EXERCISE AIM: Copy out every line of the material below, character for character, apart from the pictures.
#####
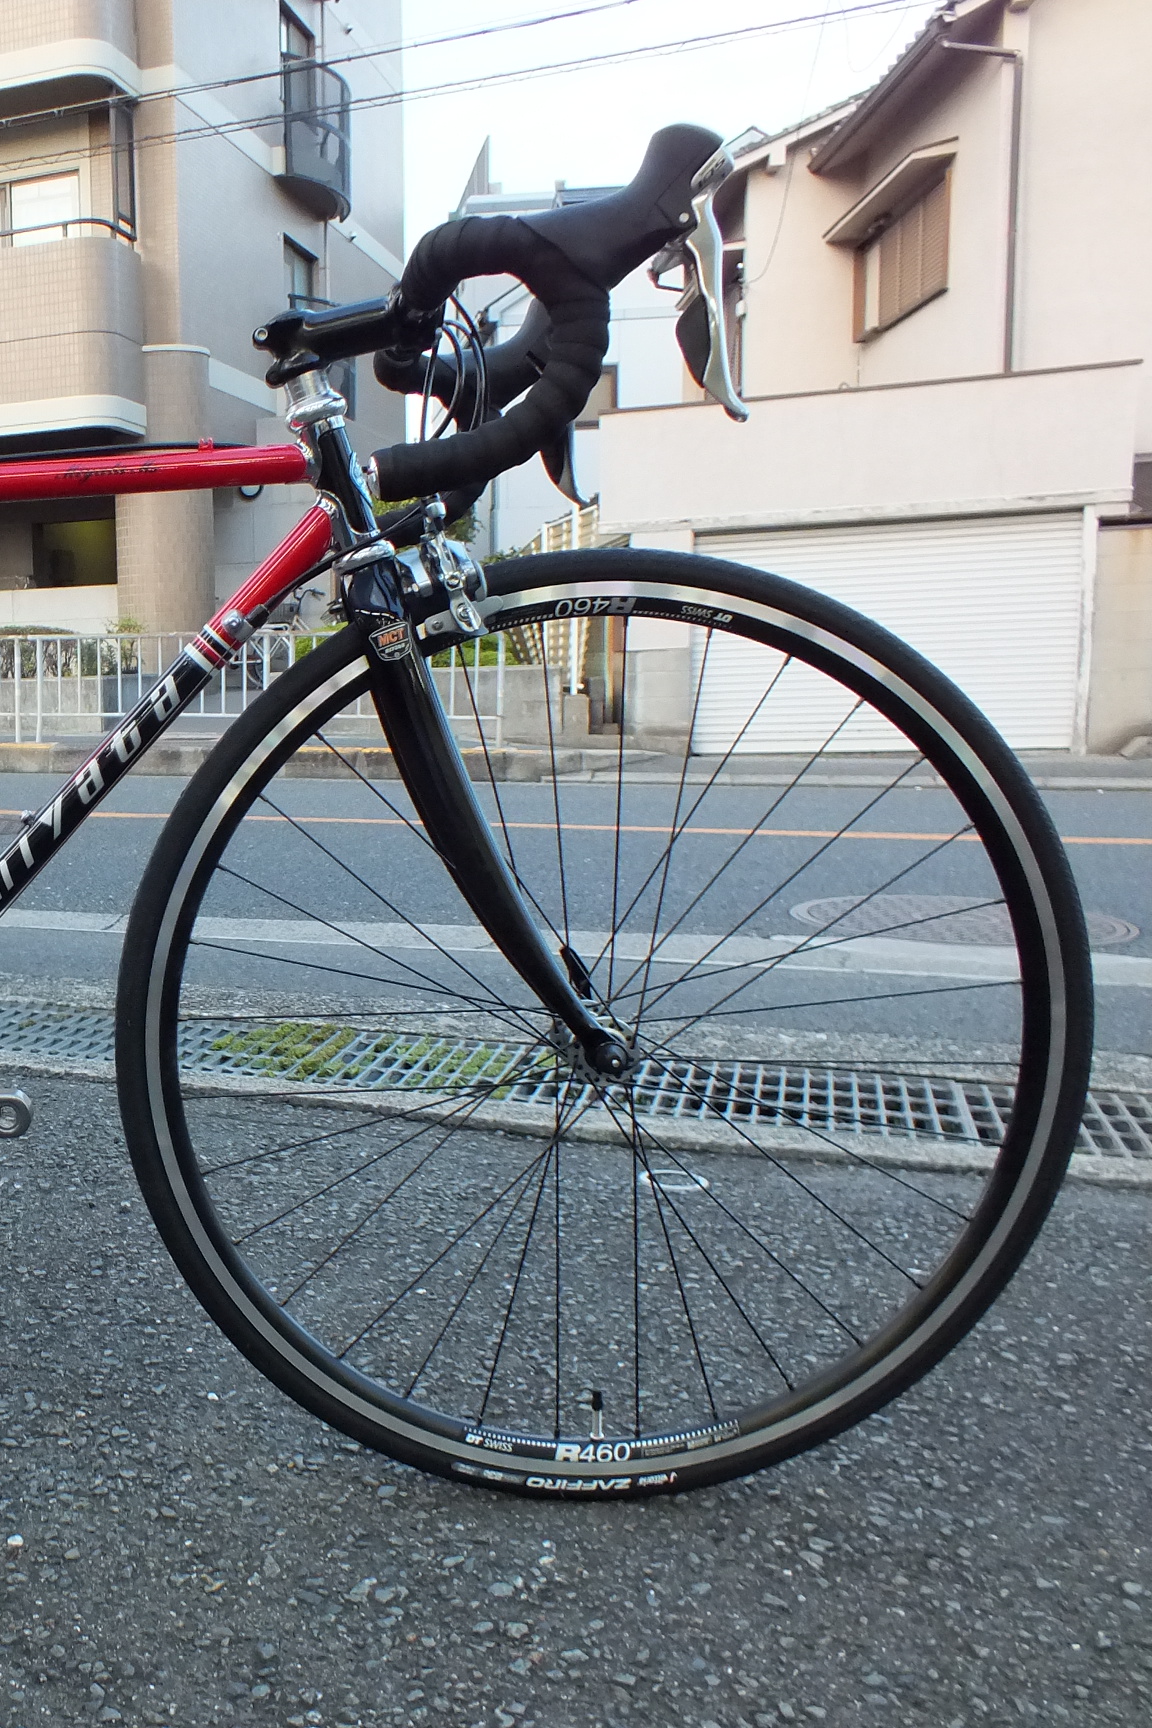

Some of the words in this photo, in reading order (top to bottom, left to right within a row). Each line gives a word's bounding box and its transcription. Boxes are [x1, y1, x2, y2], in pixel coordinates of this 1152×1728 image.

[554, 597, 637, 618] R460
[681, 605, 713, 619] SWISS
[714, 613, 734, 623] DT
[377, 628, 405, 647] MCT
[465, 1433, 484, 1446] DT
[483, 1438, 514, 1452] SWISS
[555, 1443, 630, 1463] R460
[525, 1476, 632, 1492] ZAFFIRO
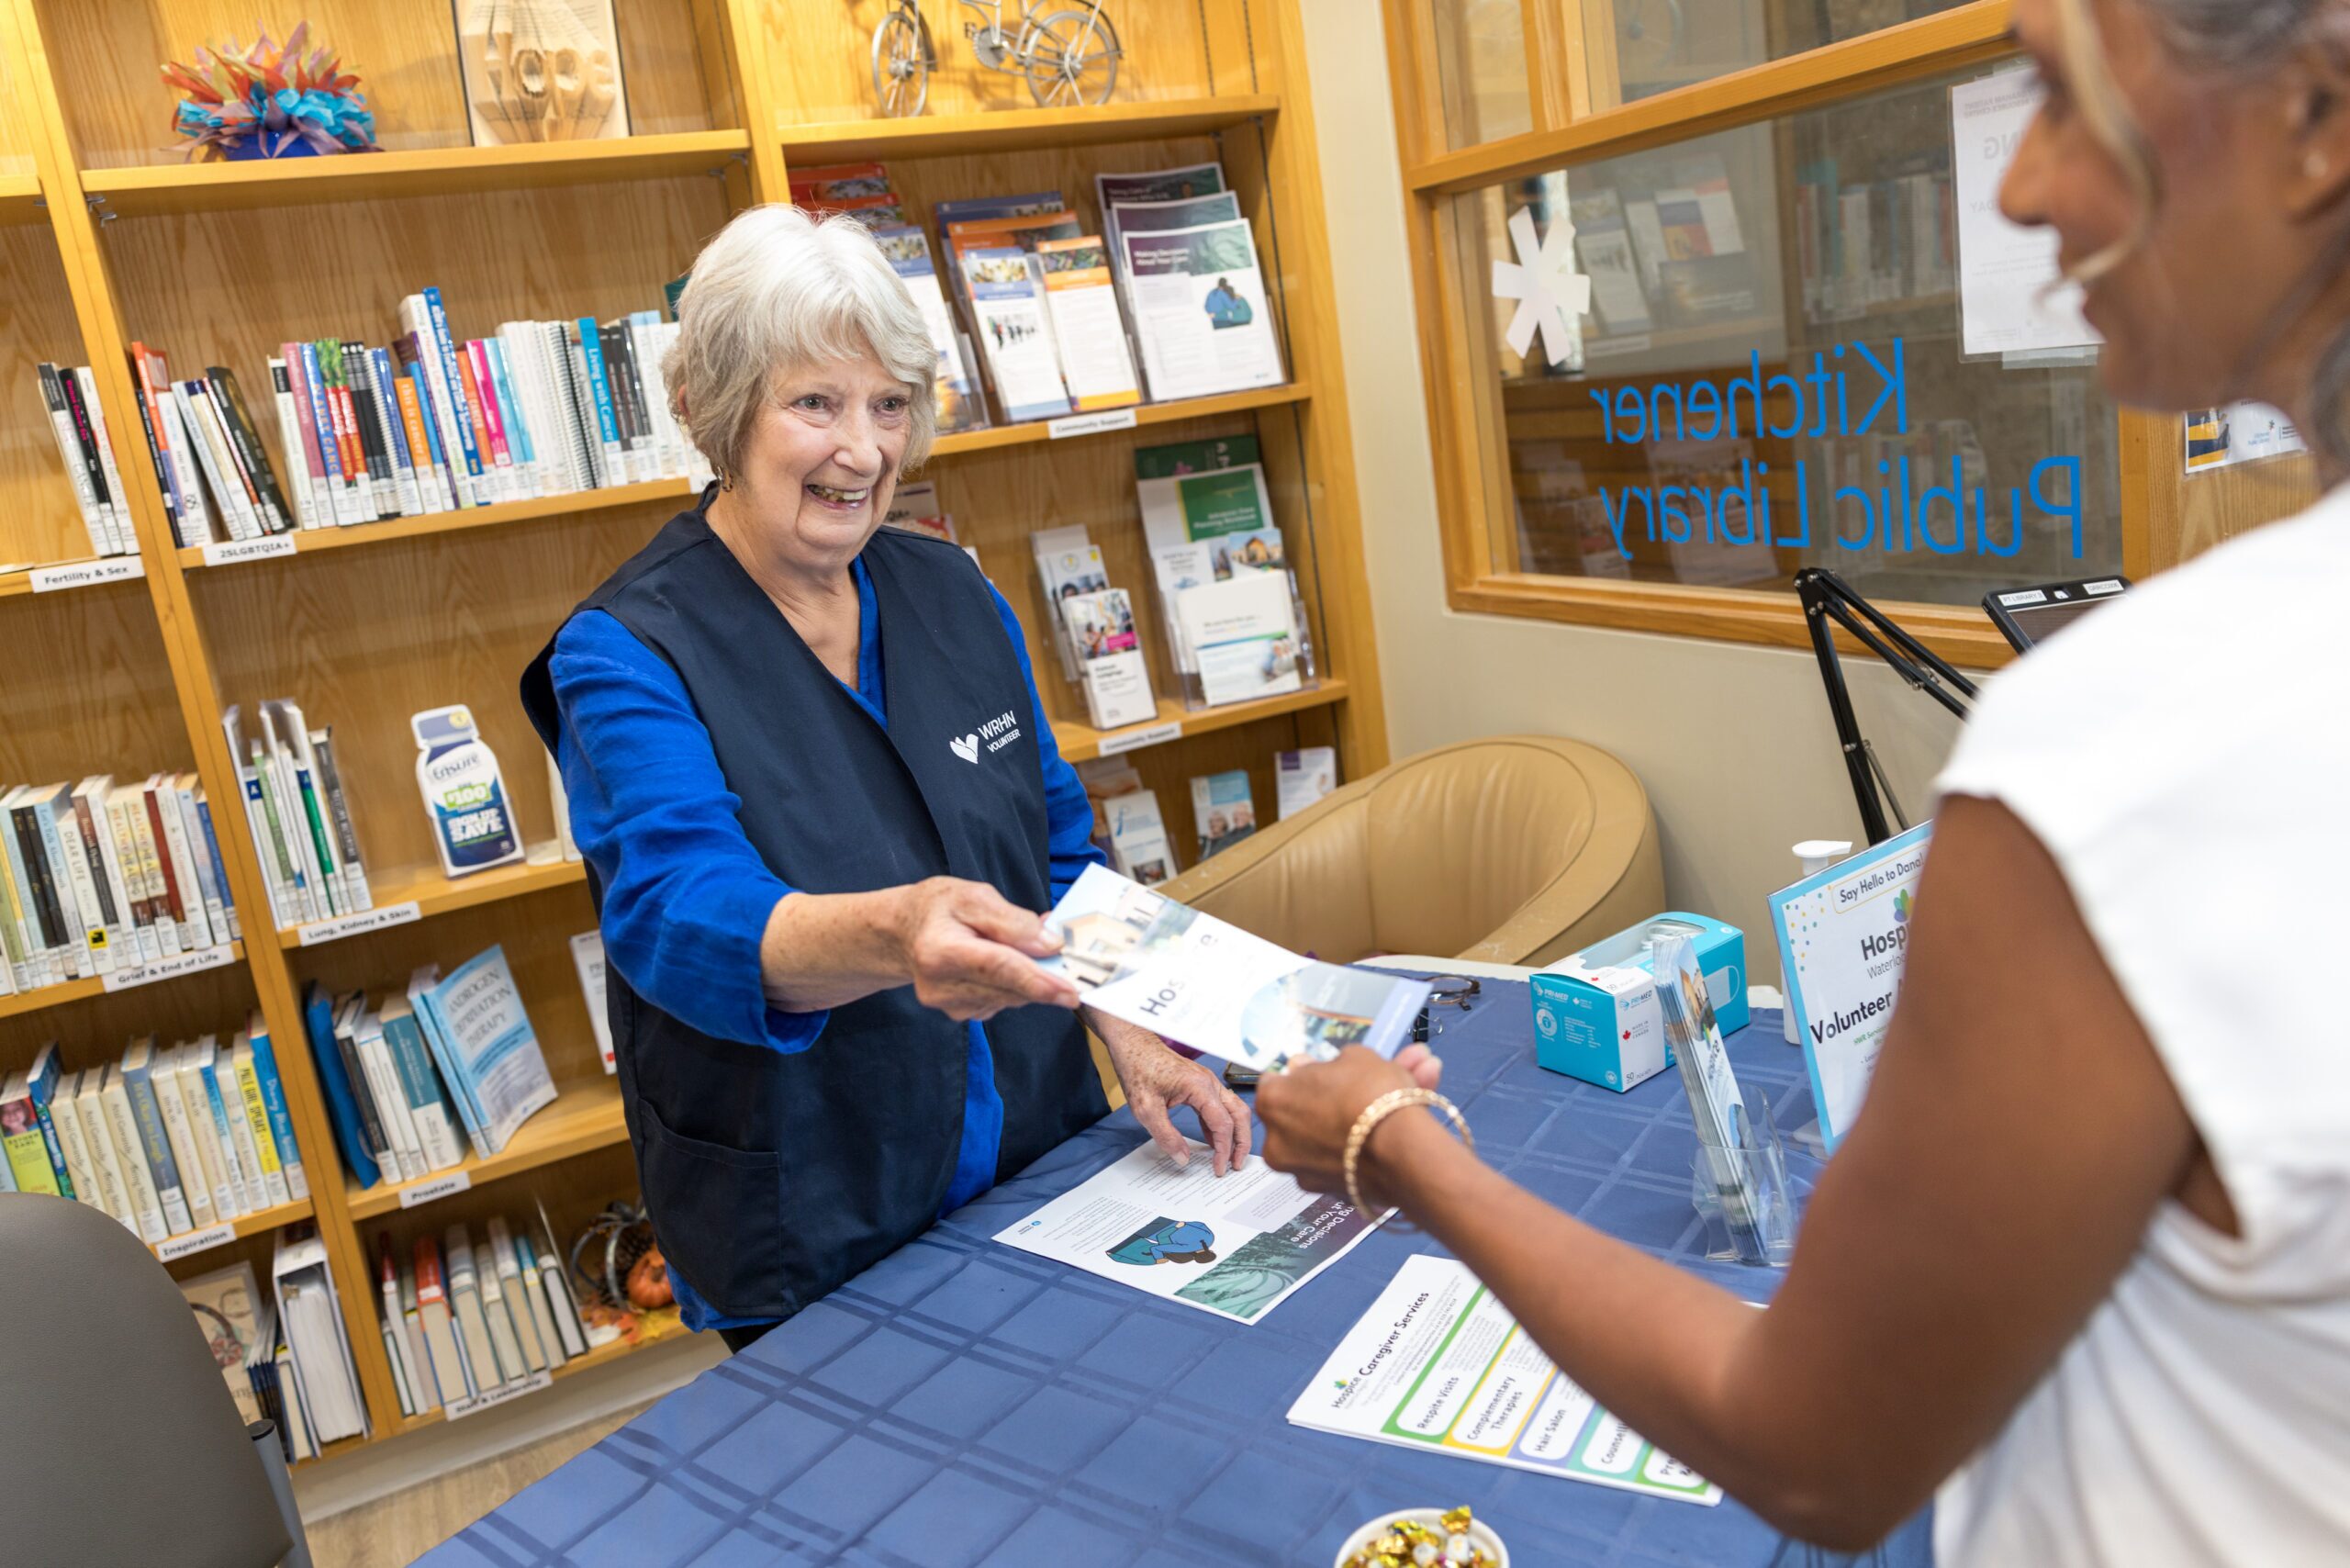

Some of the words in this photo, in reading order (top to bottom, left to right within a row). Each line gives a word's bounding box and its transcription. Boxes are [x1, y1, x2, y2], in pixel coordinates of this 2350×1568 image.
#####
EXPECTED OUTPUT:
Some of the words in this photo, in reading order (top to bottom, left to right within a row). Each line gives a word's bounding box and its transcription. Boxes are [x1, y1, x2, y2], in pixel coordinates of this 1152×1728 image.

[554, 597, 637, 618] R460
[681, 605, 713, 619] SWISS
[714, 613, 734, 623] DT
[377, 628, 405, 647] MCT
[465, 1433, 484, 1446] DT
[483, 1438, 514, 1452] SWISS
[555, 1443, 630, 1463] R460
[525, 1476, 632, 1492] ZAFFIRO

Some of the words in this photo, in reading order (top to bottom, left to right within a row). Each line gives a word's bounding box and its transcription. Boxes are [x1, y1, x2, y2], in pixel coordinates of this 2350×1568 image.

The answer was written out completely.